Al netto di stravaganti multimiliardari che possano decidere di buttare un tot di milioni nel cesso in un'attività in perdita, sempre lì si finisce: niente soldi, niente dischi.

Quindi: le case discografiche fanno bene il loro lavoro vendendo merda a milioni di persone, non vendendo "buona musica" a pochi appassionati.
Justin Bieber, One Direction e Maroon 5 sono la testimonianza che le case discografiche lavorano bene.

Una volta i profitti generati dal mercato erano così alti che le case discografiche potevano permettersi di lavorare male, producendo dischi che non vendevano o vendevano poco.
Poi magari qualcuno di loro, con la ripetizione e l'abitudine, riusciva a ripagare l'investimento. Ma era un'eccezione.
Bene: era allora che la situazione era strana, non oggi.

Poi certo, potremmo parlare di espressione artistica e cultura, ma, seriamente: viviamo in Europa, anno 2013.
La realtà che ci sta intorno potrà anche non piacerci, ma vivamo in una società di libero mercato.
Anche imperfetto, eh, ma sempre mercato più o meno libero.
Se vogliamo fare finta che il profitto non sia importante, facciamolo pure, però rendendiamoci conto che stiamo mentendo a noi stessi.
Qualsiasi prodotto funziona se genera un profitto, per quanto minimo.

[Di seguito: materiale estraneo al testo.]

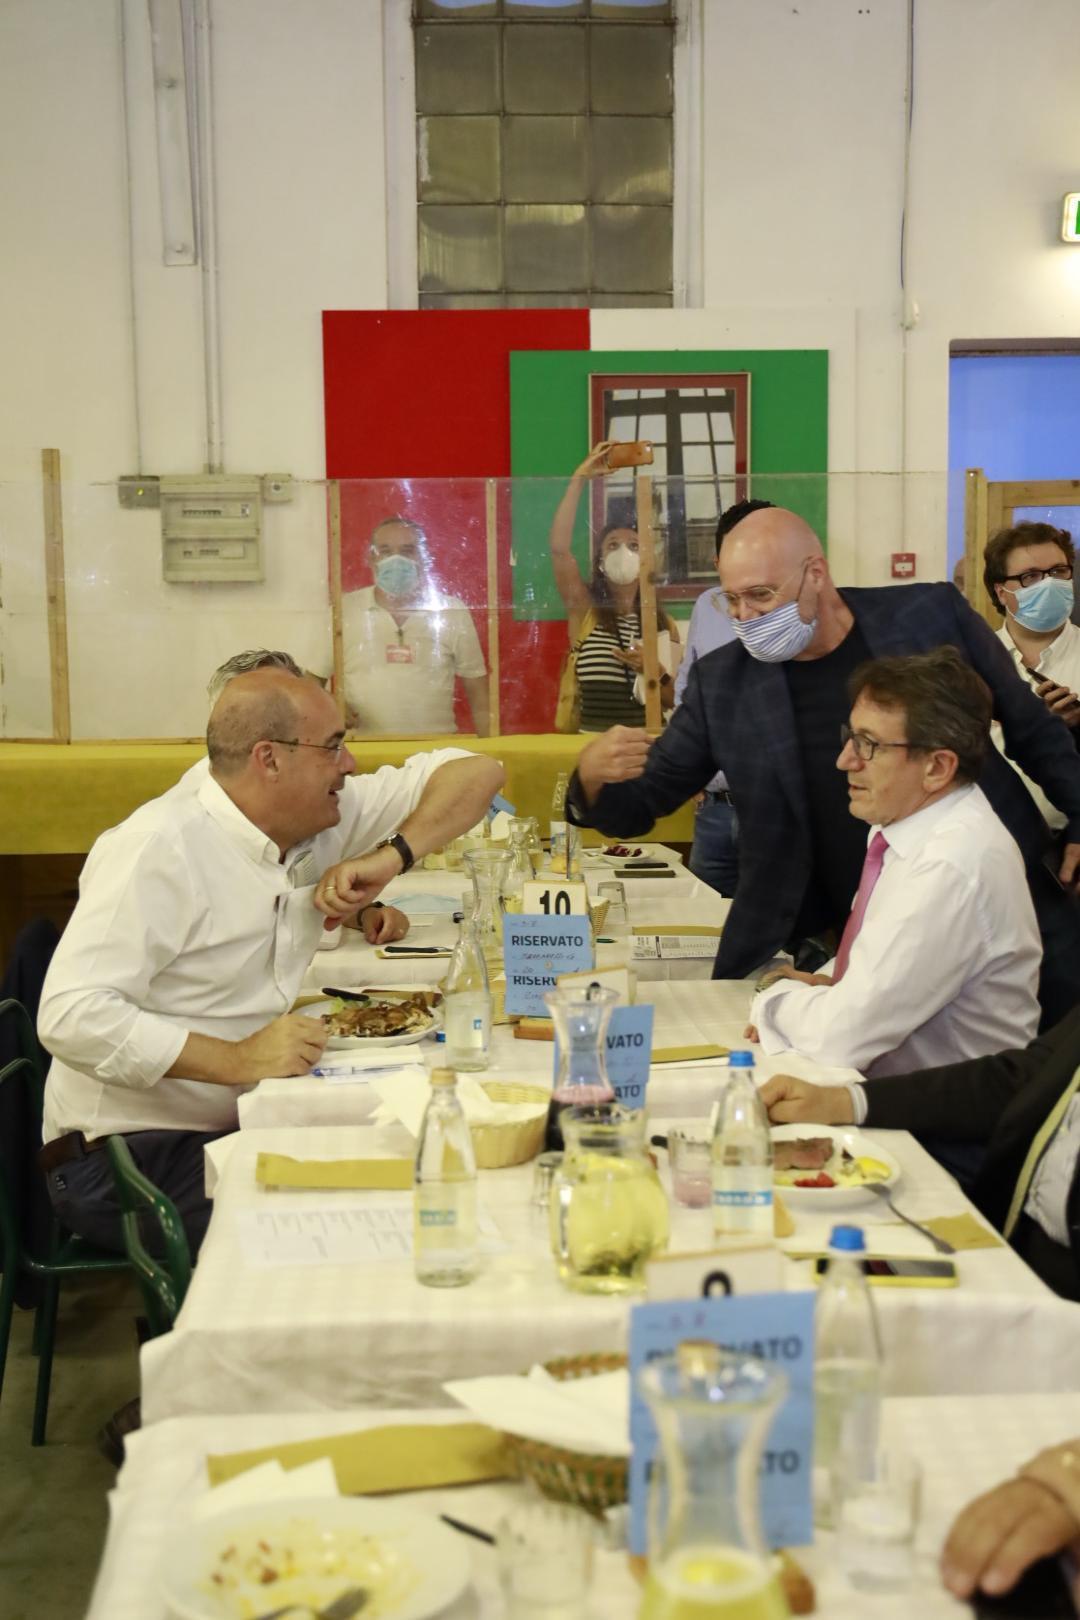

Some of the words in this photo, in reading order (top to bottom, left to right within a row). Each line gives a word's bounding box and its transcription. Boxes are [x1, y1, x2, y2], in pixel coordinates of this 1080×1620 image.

[540, 890, 571, 915] 10
[511, 935, 584, 947] RISERVATO
[513, 975, 557, 986] RISERV

Se invece vogliamo parlare di arte e cultura "pure", lasciamo perdere case discografiche e mercato.
Si può fare "arte pura" solo come produzione non professionale: se ti sleghi dalla necessità di vendere, puoi fare quello che vuoi.
Nel momento in cui, però, provi a vendere qualcosa, sempre al mercato si torna, anche se non vuoi farne una professione.

allelimo ha detto...

DiamondDog, eppure nel 2012, secondo la classifica pubblicata da SentireAscoltare, ben 40 dischi hanno venduto più di un milione di copie.
Una volta si vendevano più dischi, certo, ma non è che adesso se ne vendano proprio pochi...

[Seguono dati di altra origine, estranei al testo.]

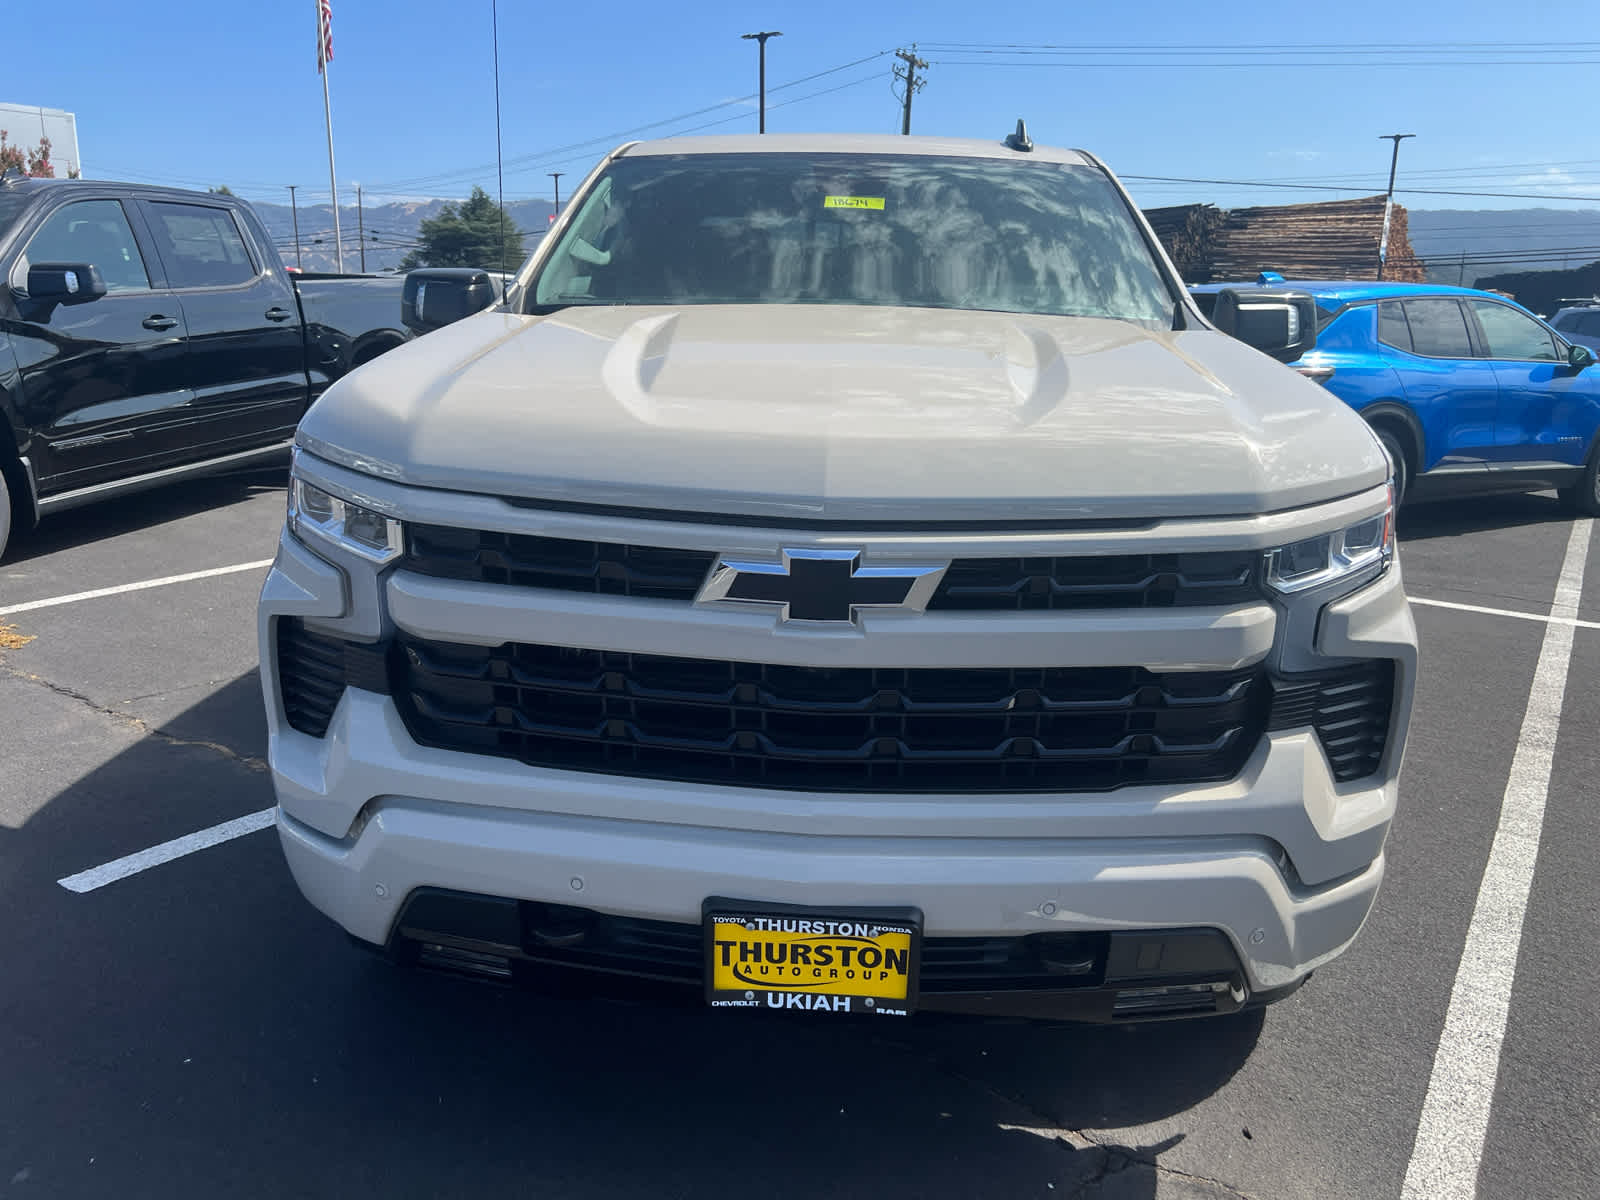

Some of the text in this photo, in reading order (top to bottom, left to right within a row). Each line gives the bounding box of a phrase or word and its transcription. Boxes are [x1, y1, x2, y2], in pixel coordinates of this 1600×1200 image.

[713, 916, 747, 924] TOYOTA
[754, 918, 868, 937] THURSTON
[873, 926, 912, 934] HONDA
[715, 940, 908, 975] THURSTON
[767, 992, 851, 1012] UKIAH
[876, 1008, 907, 1016] RAM

tony-face, non sono convinto che oggi sia così più facile: certo, può bastare basta un video su Youtube per fare il botto, ma nella realtà: quanti gruppi hanno fatto il botto con un video su Youtbe? E soprattutto, in quale percentuale rispetto a tutti quelli che hanno messo un video su Youtube per fare il botto e non hanno invece ottenuto niente?
Oggi c'è lo spazio perchè chiunque possa ottenere visibilità anche senza avere grossi supporti alle spalle, vero.
Ma ci sono anche così tanti che cercano di sfruttare questi spazi che l'intasamento degli stessi è inevitabile.

Poi, come dici tu e come dicevo prima anche io a beppekin, i milioni di copie si fanno con la merda ben confezionata al solo scopo di essere vednuta in milioni di copie.

tony-face ha detto...

Non parlo di Lilith and the Sinnersaints o dei Khonnor ma degli U2 o di Zucchero.
Che senza fare estenuanti tour nelle Filippine o in Tanzania se la cavano in mille altri modi 10 /100 volte più economici ed efficaci.